**Required action:** Each entry has to be given again in its exact wording, and no picture may appear in the result.

**Data provided:**
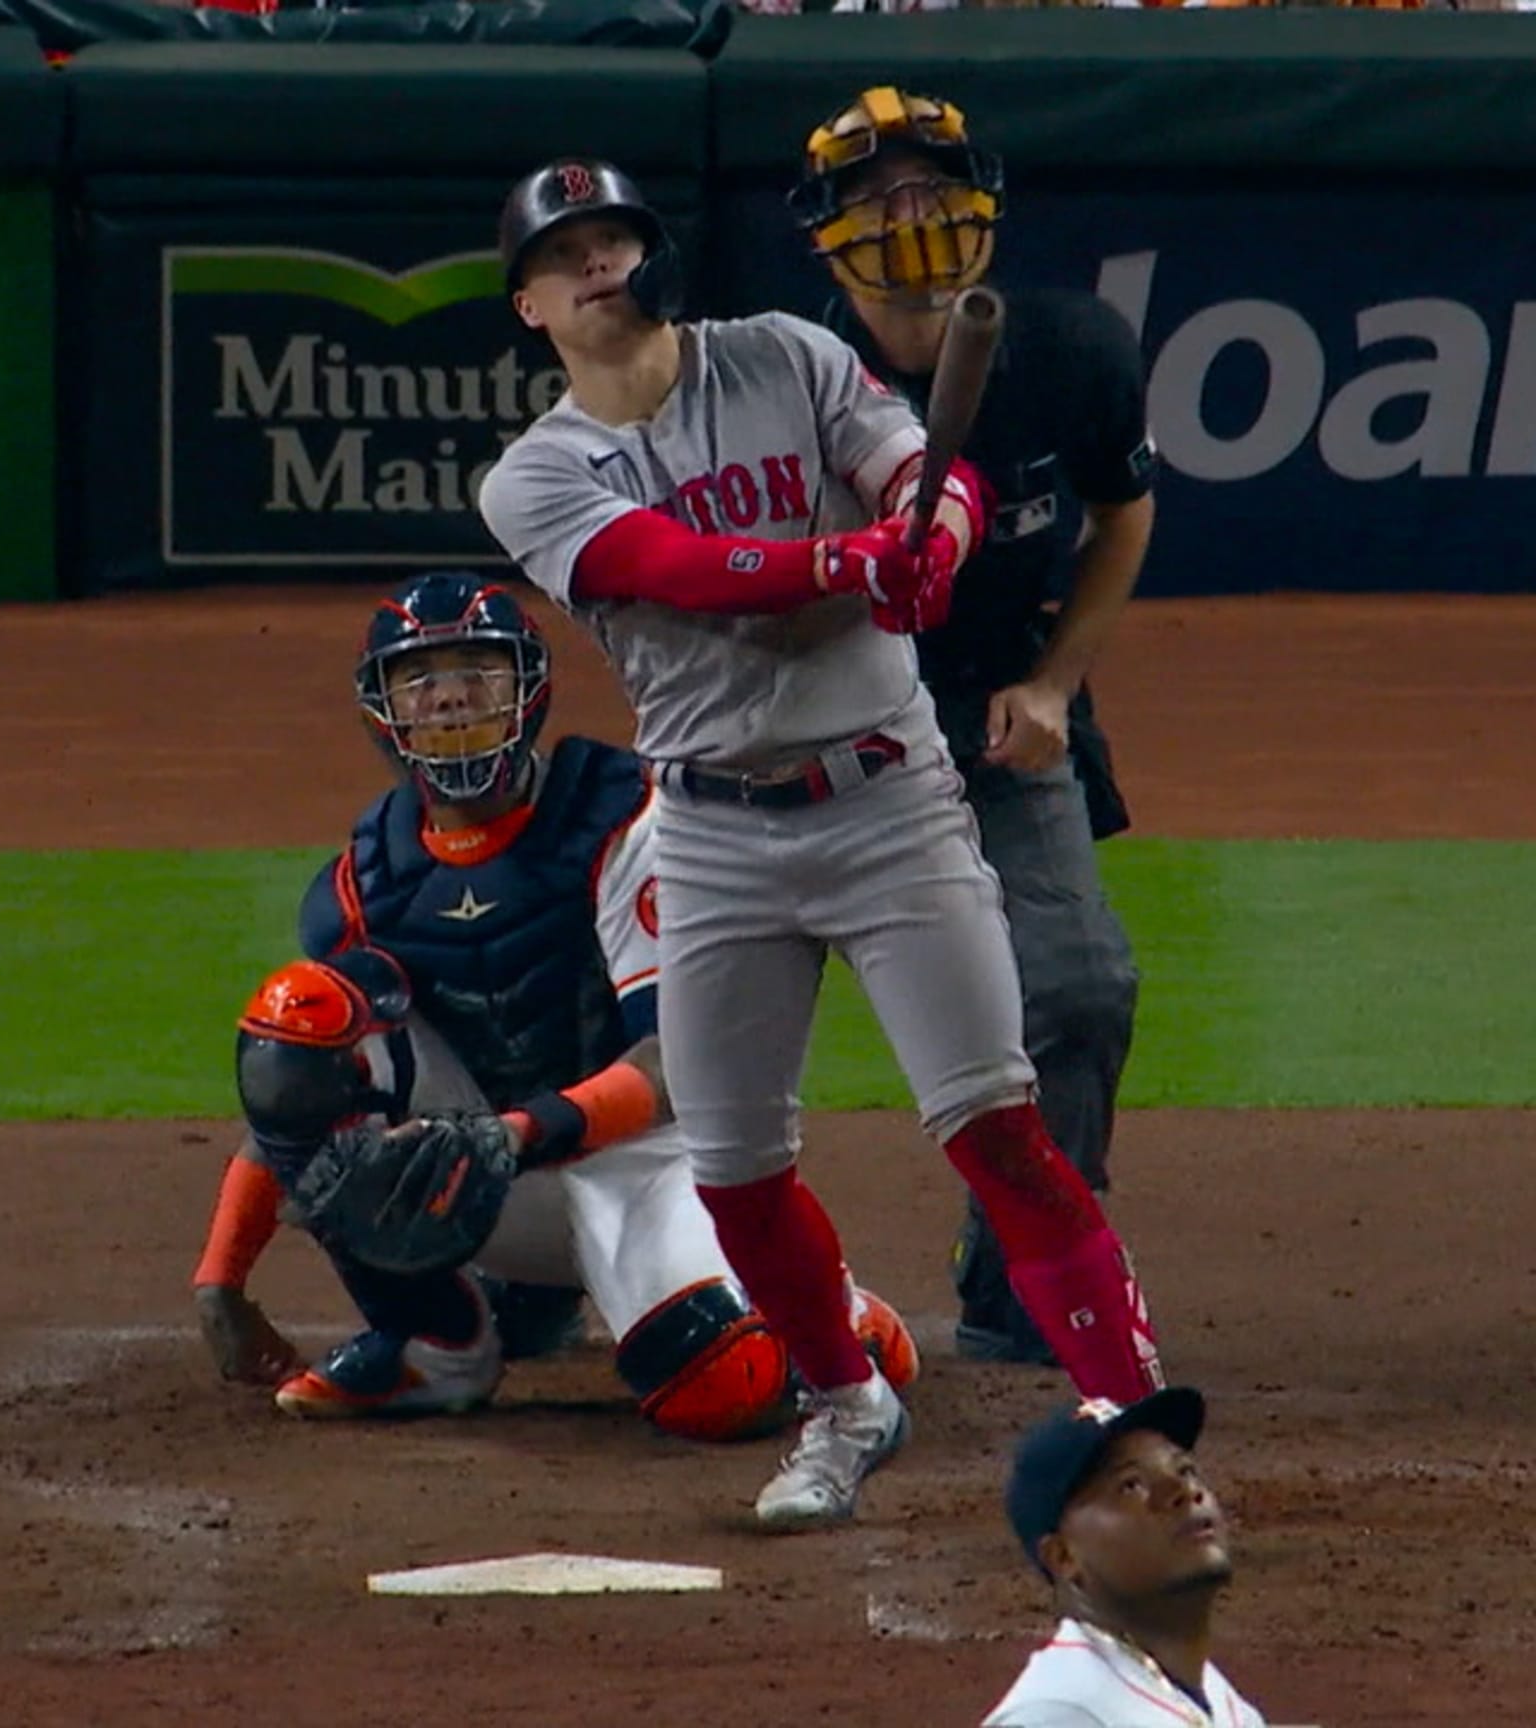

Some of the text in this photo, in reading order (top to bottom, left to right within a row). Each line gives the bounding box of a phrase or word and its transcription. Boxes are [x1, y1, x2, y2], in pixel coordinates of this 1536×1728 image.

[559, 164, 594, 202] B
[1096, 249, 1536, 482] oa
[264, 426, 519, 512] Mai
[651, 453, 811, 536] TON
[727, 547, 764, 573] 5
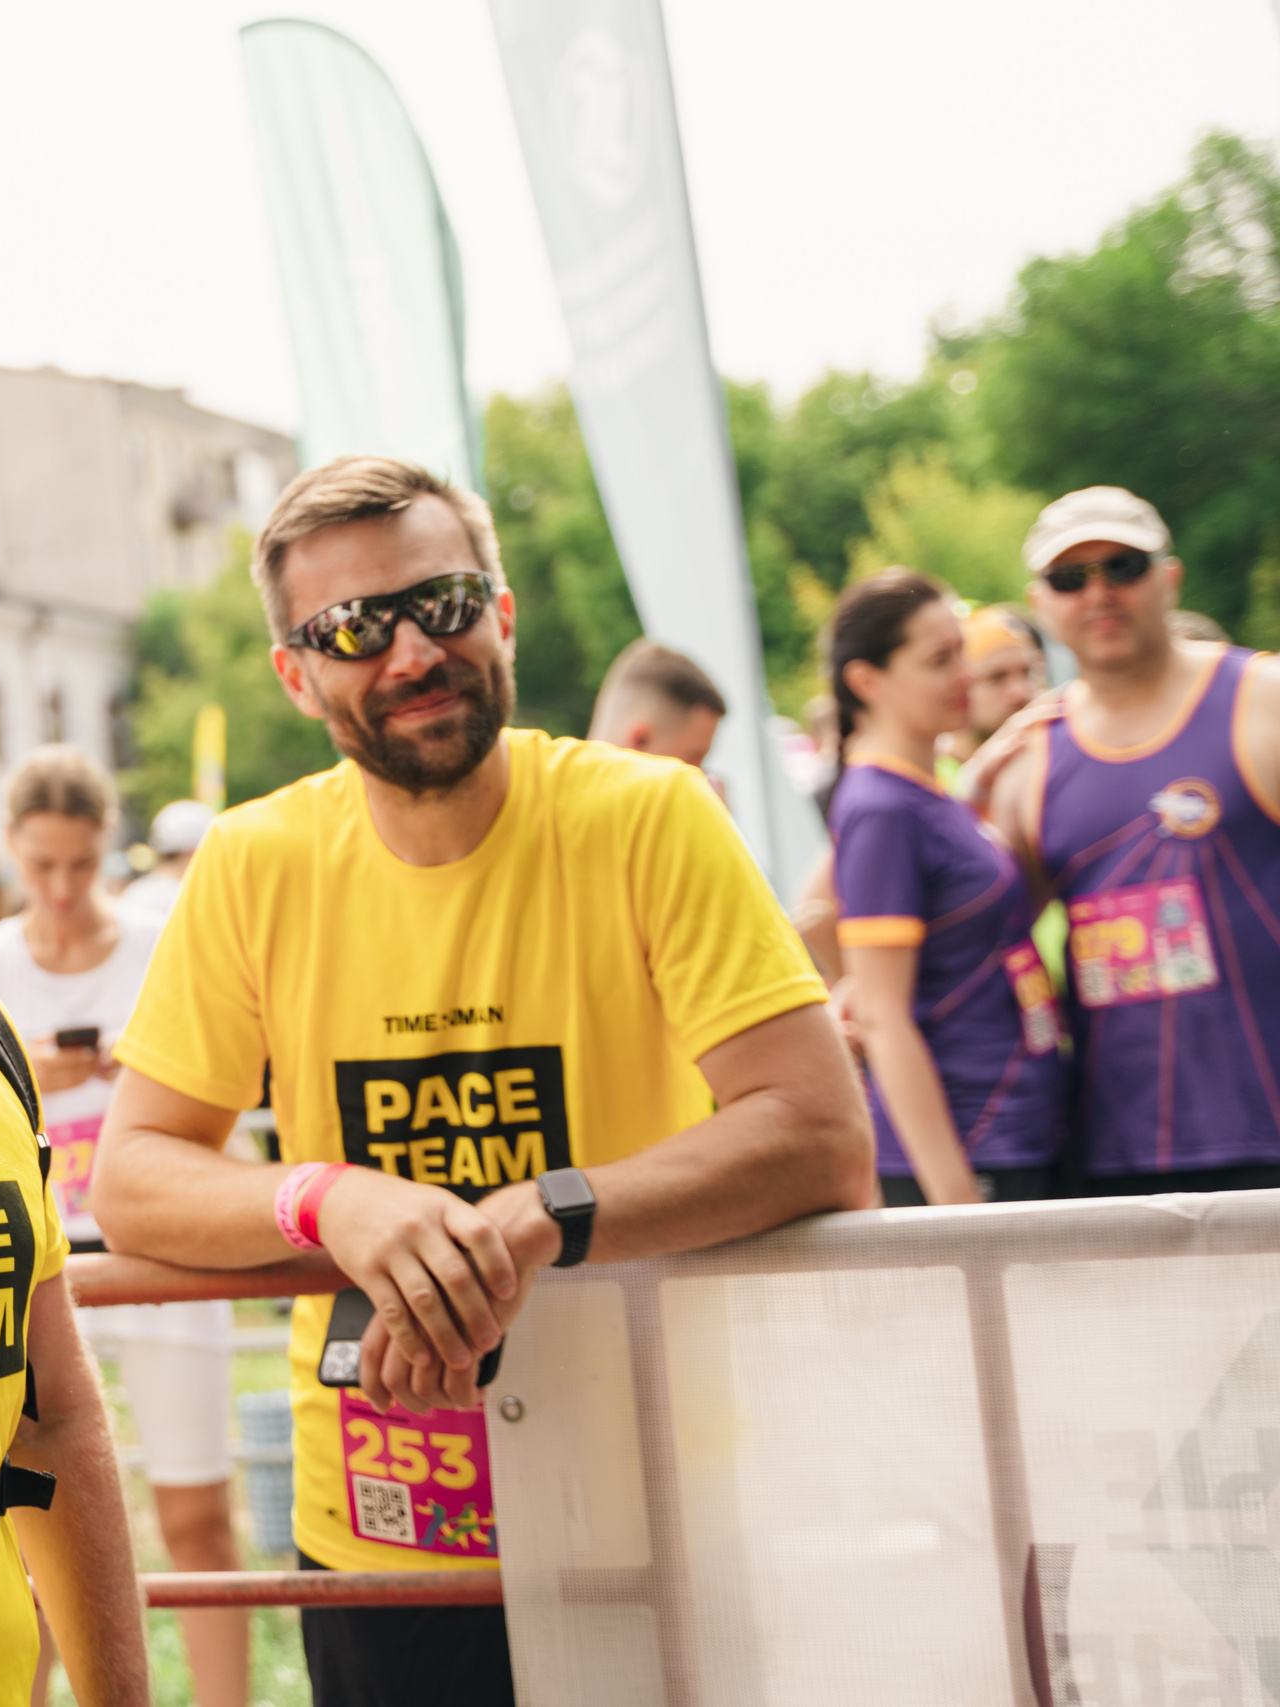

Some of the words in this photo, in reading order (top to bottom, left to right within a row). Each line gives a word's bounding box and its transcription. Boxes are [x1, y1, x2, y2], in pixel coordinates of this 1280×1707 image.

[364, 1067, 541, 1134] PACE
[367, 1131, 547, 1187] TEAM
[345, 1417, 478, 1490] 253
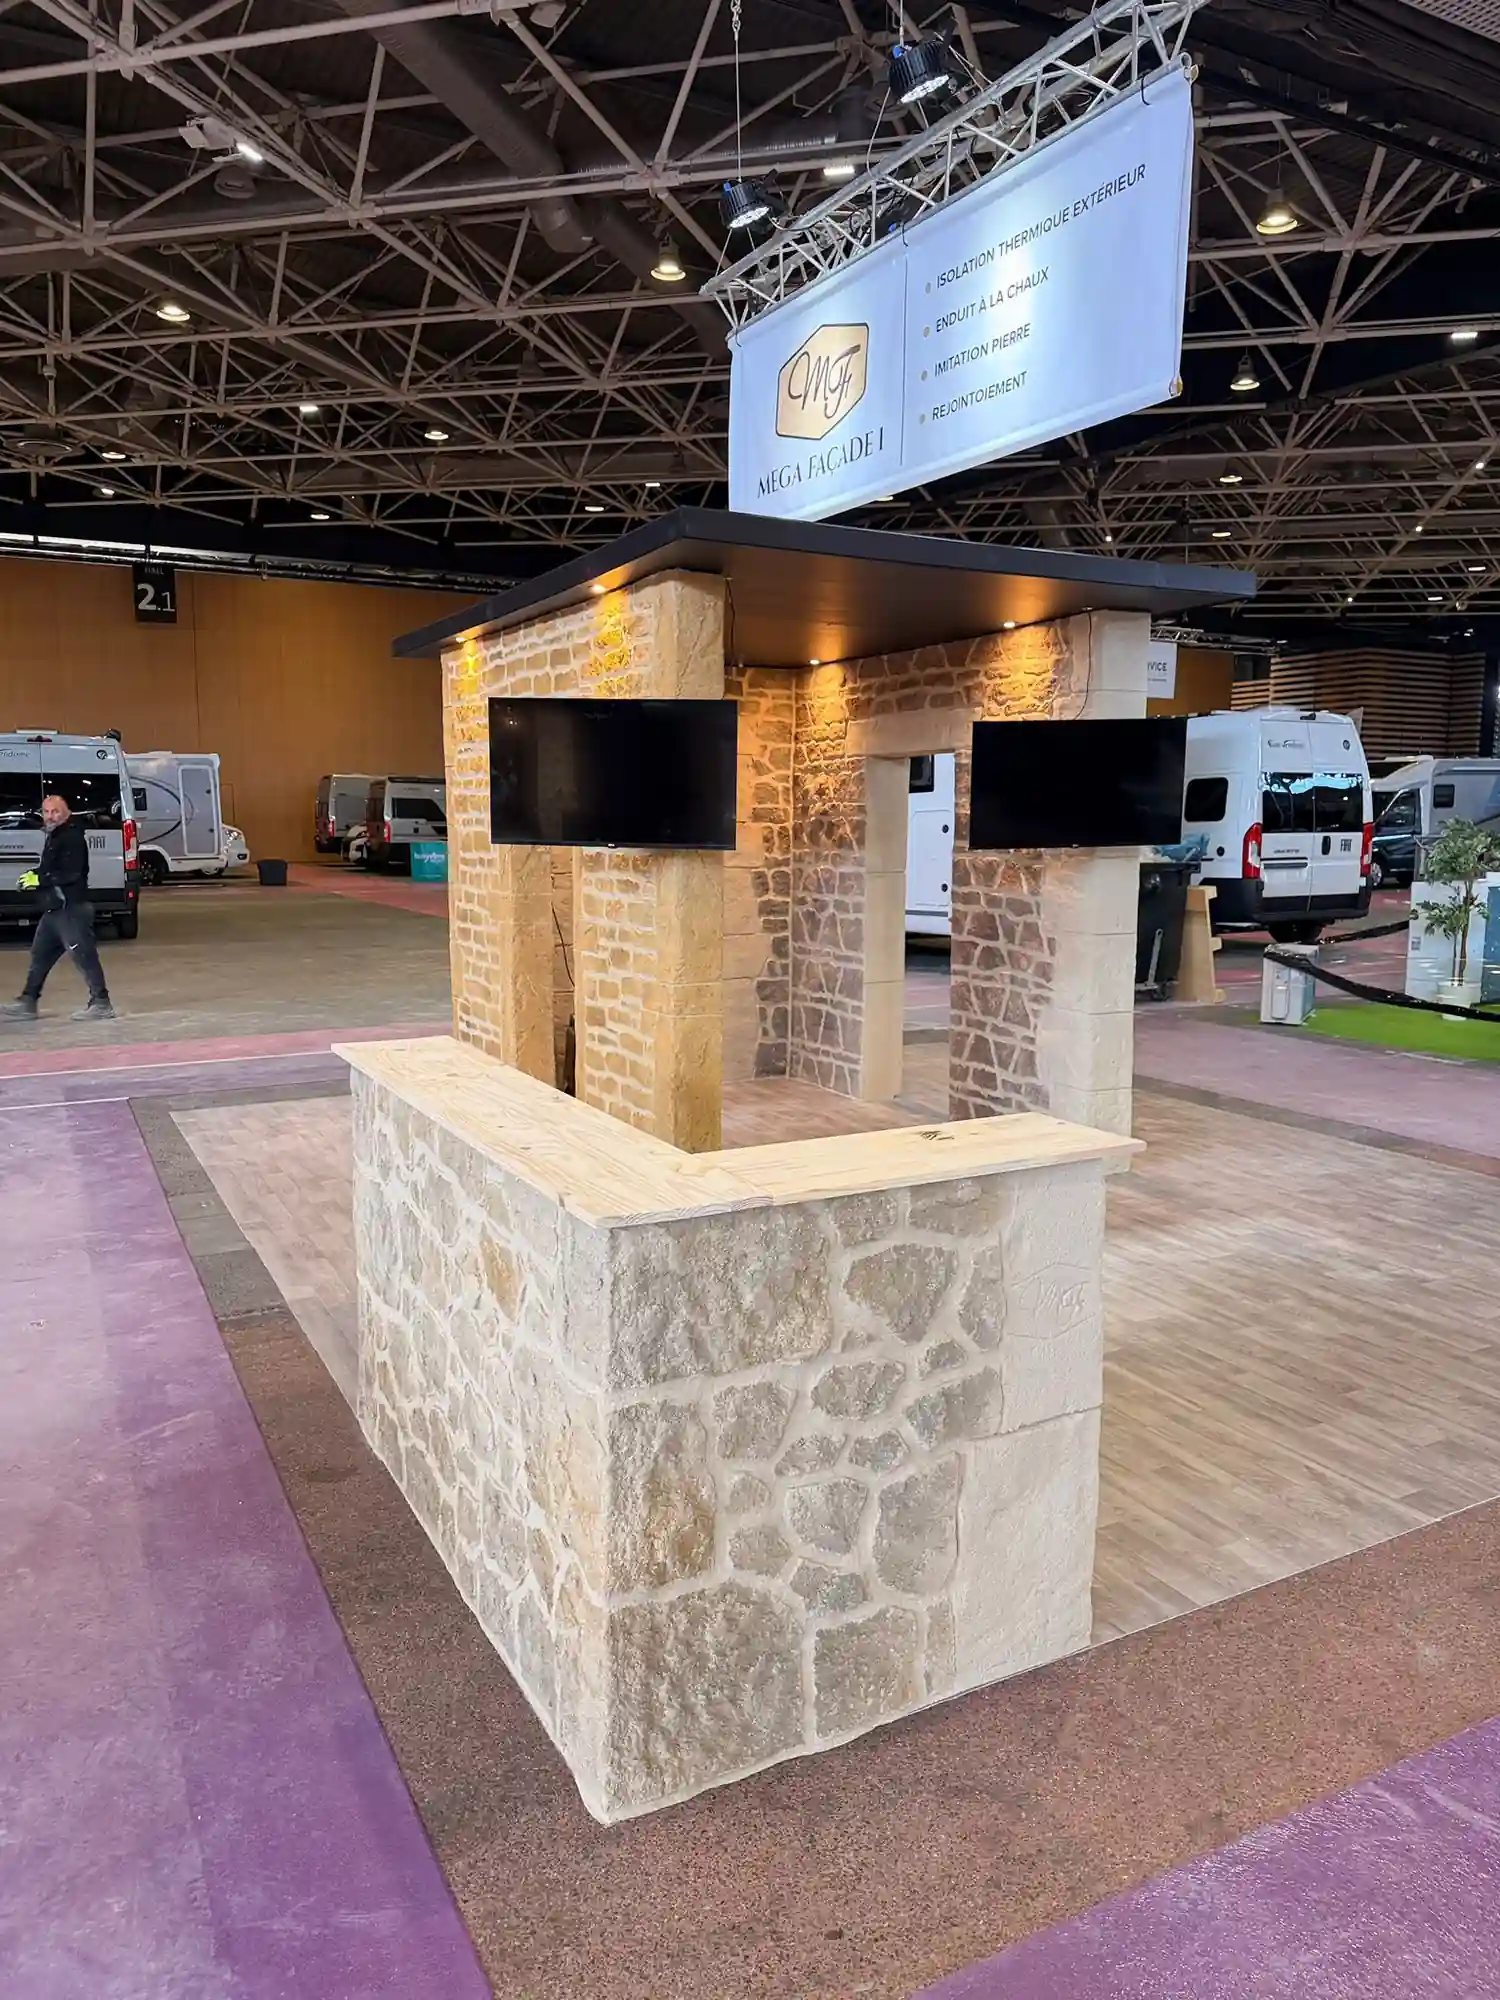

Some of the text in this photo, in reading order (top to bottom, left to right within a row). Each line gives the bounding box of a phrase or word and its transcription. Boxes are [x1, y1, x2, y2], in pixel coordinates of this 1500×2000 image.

**Answer to this exercise:**
Some of the text in this photo, in reading order (top to bottom, left to right within a row). Each line gives the bounding box of a phrase or word and its transcription. Boxes are [x1, y1, x2, y2], in pixel coordinates of this 1536×1728 image.

[559, 164, 594, 202] B
[1096, 249, 1536, 482] oa
[264, 426, 519, 512] Mai
[651, 453, 811, 536] TON
[727, 547, 764, 573] 5

Some of the words in this photo, in reading order (top to bottom, left to right within a row). Each line gives a word's bounding box and its transcription. Boxes are [x1, y1, x2, y2], in pixel coordinates of this 1280×1707 image.

[364, 1067, 541, 1134] PACE
[367, 1131, 547, 1187] TEAM
[345, 1417, 478, 1490] 253

Some of the text in this photo, in reading order (top to bottom, left to right within a row). Each line gives the bounding box of a phrase or word and its transcription. Boxes are [x1, y1, x2, y2], in pixel coordinates of this 1500×2000 image.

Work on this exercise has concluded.